==== Extracted information
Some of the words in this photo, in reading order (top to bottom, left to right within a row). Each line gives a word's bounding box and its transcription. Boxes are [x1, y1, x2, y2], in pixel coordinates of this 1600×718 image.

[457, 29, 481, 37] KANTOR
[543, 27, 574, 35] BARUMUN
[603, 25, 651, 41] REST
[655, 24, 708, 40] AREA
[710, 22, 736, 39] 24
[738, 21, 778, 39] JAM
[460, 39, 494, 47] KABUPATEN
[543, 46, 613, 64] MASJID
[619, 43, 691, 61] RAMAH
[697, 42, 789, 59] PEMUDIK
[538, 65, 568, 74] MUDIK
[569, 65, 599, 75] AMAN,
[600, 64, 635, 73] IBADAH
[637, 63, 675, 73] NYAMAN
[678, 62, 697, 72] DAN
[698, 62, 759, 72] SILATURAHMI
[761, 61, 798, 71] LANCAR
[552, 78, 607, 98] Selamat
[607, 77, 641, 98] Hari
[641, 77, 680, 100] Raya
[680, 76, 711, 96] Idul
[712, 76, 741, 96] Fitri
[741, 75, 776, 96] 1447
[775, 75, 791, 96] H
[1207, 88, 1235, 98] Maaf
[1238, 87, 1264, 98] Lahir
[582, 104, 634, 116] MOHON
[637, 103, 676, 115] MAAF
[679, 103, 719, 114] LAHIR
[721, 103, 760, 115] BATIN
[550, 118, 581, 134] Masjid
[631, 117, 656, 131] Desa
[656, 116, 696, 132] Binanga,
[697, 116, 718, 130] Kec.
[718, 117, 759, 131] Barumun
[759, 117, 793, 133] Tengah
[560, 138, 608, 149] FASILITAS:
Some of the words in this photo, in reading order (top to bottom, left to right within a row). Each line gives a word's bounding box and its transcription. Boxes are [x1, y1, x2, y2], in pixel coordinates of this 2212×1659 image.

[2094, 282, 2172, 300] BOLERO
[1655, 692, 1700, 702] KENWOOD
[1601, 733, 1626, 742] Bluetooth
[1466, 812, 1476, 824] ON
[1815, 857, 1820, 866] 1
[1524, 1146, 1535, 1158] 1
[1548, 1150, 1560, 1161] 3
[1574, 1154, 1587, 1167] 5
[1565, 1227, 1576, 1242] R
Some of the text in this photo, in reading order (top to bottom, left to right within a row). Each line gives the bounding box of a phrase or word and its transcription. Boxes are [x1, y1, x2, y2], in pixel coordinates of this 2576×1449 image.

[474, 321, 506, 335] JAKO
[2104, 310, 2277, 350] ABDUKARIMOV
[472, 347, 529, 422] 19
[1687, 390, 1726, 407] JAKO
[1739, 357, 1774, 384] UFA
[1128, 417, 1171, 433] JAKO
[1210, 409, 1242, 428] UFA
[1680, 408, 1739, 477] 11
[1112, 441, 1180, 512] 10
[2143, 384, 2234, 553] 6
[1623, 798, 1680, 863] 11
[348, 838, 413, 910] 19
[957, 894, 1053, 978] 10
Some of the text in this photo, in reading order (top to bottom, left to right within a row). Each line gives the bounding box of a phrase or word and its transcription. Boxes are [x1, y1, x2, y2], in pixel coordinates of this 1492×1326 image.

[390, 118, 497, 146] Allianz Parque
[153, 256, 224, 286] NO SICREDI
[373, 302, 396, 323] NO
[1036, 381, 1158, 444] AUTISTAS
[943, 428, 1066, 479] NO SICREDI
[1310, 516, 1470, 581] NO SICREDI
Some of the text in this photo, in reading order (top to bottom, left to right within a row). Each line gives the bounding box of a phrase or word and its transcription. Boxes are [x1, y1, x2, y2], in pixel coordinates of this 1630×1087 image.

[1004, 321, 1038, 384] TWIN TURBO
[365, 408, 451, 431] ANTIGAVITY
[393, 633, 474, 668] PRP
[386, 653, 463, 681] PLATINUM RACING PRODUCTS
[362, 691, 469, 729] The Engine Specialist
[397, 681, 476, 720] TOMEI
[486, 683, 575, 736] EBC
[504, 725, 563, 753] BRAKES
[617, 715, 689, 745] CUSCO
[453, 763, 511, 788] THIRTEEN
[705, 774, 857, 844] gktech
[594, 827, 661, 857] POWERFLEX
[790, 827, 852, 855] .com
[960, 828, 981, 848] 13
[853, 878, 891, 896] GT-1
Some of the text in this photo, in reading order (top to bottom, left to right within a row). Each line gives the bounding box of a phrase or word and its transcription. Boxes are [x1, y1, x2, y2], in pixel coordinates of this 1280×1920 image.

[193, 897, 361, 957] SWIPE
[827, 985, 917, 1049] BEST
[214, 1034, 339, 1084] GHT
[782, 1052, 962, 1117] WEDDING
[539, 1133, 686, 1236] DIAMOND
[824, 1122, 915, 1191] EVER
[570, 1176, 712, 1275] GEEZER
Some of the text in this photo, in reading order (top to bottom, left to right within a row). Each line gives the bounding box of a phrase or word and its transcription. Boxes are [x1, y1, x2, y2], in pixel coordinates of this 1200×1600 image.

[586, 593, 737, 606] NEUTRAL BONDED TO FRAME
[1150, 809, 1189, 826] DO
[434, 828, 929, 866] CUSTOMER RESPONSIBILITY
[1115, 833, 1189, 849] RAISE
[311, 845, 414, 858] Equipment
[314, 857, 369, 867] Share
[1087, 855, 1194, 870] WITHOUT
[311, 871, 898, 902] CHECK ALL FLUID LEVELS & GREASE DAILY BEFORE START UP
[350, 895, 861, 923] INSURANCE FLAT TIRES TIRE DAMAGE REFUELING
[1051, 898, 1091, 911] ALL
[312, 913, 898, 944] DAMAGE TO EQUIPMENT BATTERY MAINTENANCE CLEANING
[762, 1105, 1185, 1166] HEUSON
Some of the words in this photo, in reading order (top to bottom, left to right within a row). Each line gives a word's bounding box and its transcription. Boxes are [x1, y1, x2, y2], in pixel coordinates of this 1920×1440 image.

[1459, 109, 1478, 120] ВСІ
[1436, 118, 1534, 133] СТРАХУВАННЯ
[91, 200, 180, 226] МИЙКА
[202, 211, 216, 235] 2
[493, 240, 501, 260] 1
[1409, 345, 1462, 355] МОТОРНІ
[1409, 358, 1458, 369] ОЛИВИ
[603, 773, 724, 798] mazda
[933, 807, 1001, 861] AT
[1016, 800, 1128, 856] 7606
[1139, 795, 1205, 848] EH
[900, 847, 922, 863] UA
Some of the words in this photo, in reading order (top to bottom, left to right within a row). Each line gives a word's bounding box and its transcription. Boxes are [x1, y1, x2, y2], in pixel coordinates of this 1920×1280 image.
========
**Task directions**
What you return must match the listing exactly, with nothing missing.

**Response box**
Some of the words in this photo, in reading order (top to bottom, left to right within a row). Each line gives a word's bounding box and its transcription. Boxes are [x1, y1, x2, y2], in pixel coordinates of this 1600×718 image.

[457, 29, 481, 37] KANTOR
[543, 27, 574, 35] BARUMUN
[603, 25, 651, 41] REST
[655, 24, 708, 40] AREA
[710, 22, 736, 39] 24
[738, 21, 778, 39] JAM
[460, 39, 494, 47] KABUPATEN
[543, 46, 613, 64] MASJID
[619, 43, 691, 61] RAMAH
[697, 42, 789, 59] PEMUDIK
[538, 65, 568, 74] MUDIK
[569, 65, 599, 75] AMAN,
[600, 64, 635, 73] IBADAH
[637, 63, 675, 73] NYAMAN
[678, 62, 697, 72] DAN
[698, 62, 759, 72] SILATURAHMI
[761, 61, 798, 71] LANCAR
[552, 78, 607, 98] Selamat
[607, 77, 641, 98] Hari
[641, 77, 680, 100] Raya
[680, 76, 711, 96] Idul
[712, 76, 741, 96] Fitri
[741, 75, 776, 96] 1447
[775, 75, 791, 96] H
[1207, 88, 1235, 98] Maaf
[1238, 87, 1264, 98] Lahir
[582, 104, 634, 116] MOHON
[637, 103, 676, 115] MAAF
[679, 103, 719, 114] LAHIR
[721, 103, 760, 115] BATIN
[550, 118, 581, 134] Masjid
[631, 117, 656, 131] Desa
[656, 116, 696, 132] Binanga,
[697, 116, 718, 130] Kec.
[718, 117, 759, 131] Barumun
[759, 117, 793, 133] Tengah
[560, 138, 608, 149] FASILITAS:
Some of the words in this photo, in reading order (top to bottom, left to right within a row). Each line gives a word's bounding box and its transcription. Boxes are [x1, y1, x2, y2], in pixel coordinates of this 2212×1659 image.

[2094, 282, 2172, 300] BOLERO
[1655, 692, 1700, 702] KENWOOD
[1601, 733, 1626, 742] Bluetooth
[1466, 812, 1476, 824] ON
[1815, 857, 1820, 866] 1
[1524, 1146, 1535, 1158] 1
[1548, 1150, 1560, 1161] 3
[1574, 1154, 1587, 1167] 5
[1565, 1227, 1576, 1242] R
Some of the text in this photo, in reading order (top to bottom, left to right within a row). Each line gives the bounding box of a phrase or word and its transcription. Boxes are [x1, y1, x2, y2], in pixel coordinates of this 2576×1449 image.

[474, 321, 506, 335] JAKO
[2104, 310, 2277, 350] ABDUKARIMOV
[472, 347, 529, 422] 19
[1687, 390, 1726, 407] JAKO
[1739, 357, 1774, 384] UFA
[1128, 417, 1171, 433] JAKO
[1210, 409, 1242, 428] UFA
[1680, 408, 1739, 477] 11
[1112, 441, 1180, 512] 10
[2143, 384, 2234, 553] 6
[1623, 798, 1680, 863] 11
[348, 838, 413, 910] 19
[957, 894, 1053, 978] 10
Some of the text in this photo, in reading order (top to bottom, left to right within a row). Each line gives the bounding box of a phrase or word and its transcription. Boxes are [x1, y1, x2, y2], in pixel coordinates of this 1492×1326 image.

[390, 118, 497, 146] Allianz Parque
[153, 256, 224, 286] NO SICREDI
[373, 302, 396, 323] NO
[1036, 381, 1158, 444] AUTISTAS
[943, 428, 1066, 479] NO SICREDI
[1310, 516, 1470, 581] NO SICREDI
Some of the text in this photo, in reading order (top to bottom, left to right within a row). Each line gives the bounding box of a phrase or word and its transcription. Boxes are [x1, y1, x2, y2], in pixel coordinates of this 1630×1087 image.

[1004, 321, 1038, 384] TWIN TURBO
[365, 408, 451, 431] ANTIGAVITY
[393, 633, 474, 668] PRP
[386, 653, 463, 681] PLATINUM RACING PRODUCTS
[362, 691, 469, 729] The Engine Specialist
[397, 681, 476, 720] TOMEI
[486, 683, 575, 736] EBC
[504, 725, 563, 753] BRAKES
[617, 715, 689, 745] CUSCO
[453, 763, 511, 788] THIRTEEN
[705, 774, 857, 844] gktech
[594, 827, 661, 857] POWERFLEX
[790, 827, 852, 855] .com
[960, 828, 981, 848] 13
[853, 878, 891, 896] GT-1
Some of the text in this photo, in reading order (top to bottom, left to right within a row). Each line gives the bounding box of a phrase or word and its transcription. Boxes are [x1, y1, x2, y2], in pixel coordinates of this 1280×1920 image.

[193, 897, 361, 957] SWIPE
[827, 985, 917, 1049] BEST
[214, 1034, 339, 1084] GHT
[782, 1052, 962, 1117] WEDDING
[539, 1133, 686, 1236] DIAMOND
[824, 1122, 915, 1191] EVER
[570, 1176, 712, 1275] GEEZER
Some of the text in this photo, in reading order (top to bottom, left to right within a row). Each line gives the bounding box of a phrase or word and its transcription. Boxes are [x1, y1, x2, y2], in pixel coordinates of this 1200×1600 image.

[586, 593, 737, 606] NEUTRAL BONDED TO FRAME
[1150, 809, 1189, 826] DO
[434, 828, 929, 866] CUSTOMER RESPONSIBILITY
[1115, 833, 1189, 849] RAISE
[311, 845, 414, 858] Equipment
[314, 857, 369, 867] Share
[1087, 855, 1194, 870] WITHOUT
[311, 871, 898, 902] CHECK ALL FLUID LEVELS & GREASE DAILY BEFORE START UP
[350, 895, 861, 923] INSURANCE FLAT TIRES TIRE DAMAGE REFUELING
[1051, 898, 1091, 911] ALL
[312, 913, 898, 944] DAMAGE TO EQUIPMENT BATTERY MAINTENANCE CLEANING
[762, 1105, 1185, 1166] HEUSON
Some of the words in this photo, in reading order (top to bottom, left to right within a row). Each line gives a word's bounding box and its transcription. Boxes are [x1, y1, x2, y2], in pixel coordinates of this 1920×1440 image.

[1459, 109, 1478, 120] ВСІ
[1436, 118, 1534, 133] СТРАХУВАННЯ
[91, 200, 180, 226] МИЙКА
[202, 211, 216, 235] 2
[493, 240, 501, 260] 1
[1409, 345, 1462, 355] МОТОРНІ
[1409, 358, 1458, 369] ОЛИВИ
[603, 773, 724, 798] mazda
[933, 807, 1001, 861] AT
[1016, 800, 1128, 856] 7606
[1139, 795, 1205, 848] EH
[900, 847, 922, 863] UA
Some of the words in this photo, in reading order (top to bottom, left to right within a row). Each line gives a word's bounding box and its transcription. Boxes are [x1, y1, x2, y2], in pixel coordinates of this 1920×1280 image.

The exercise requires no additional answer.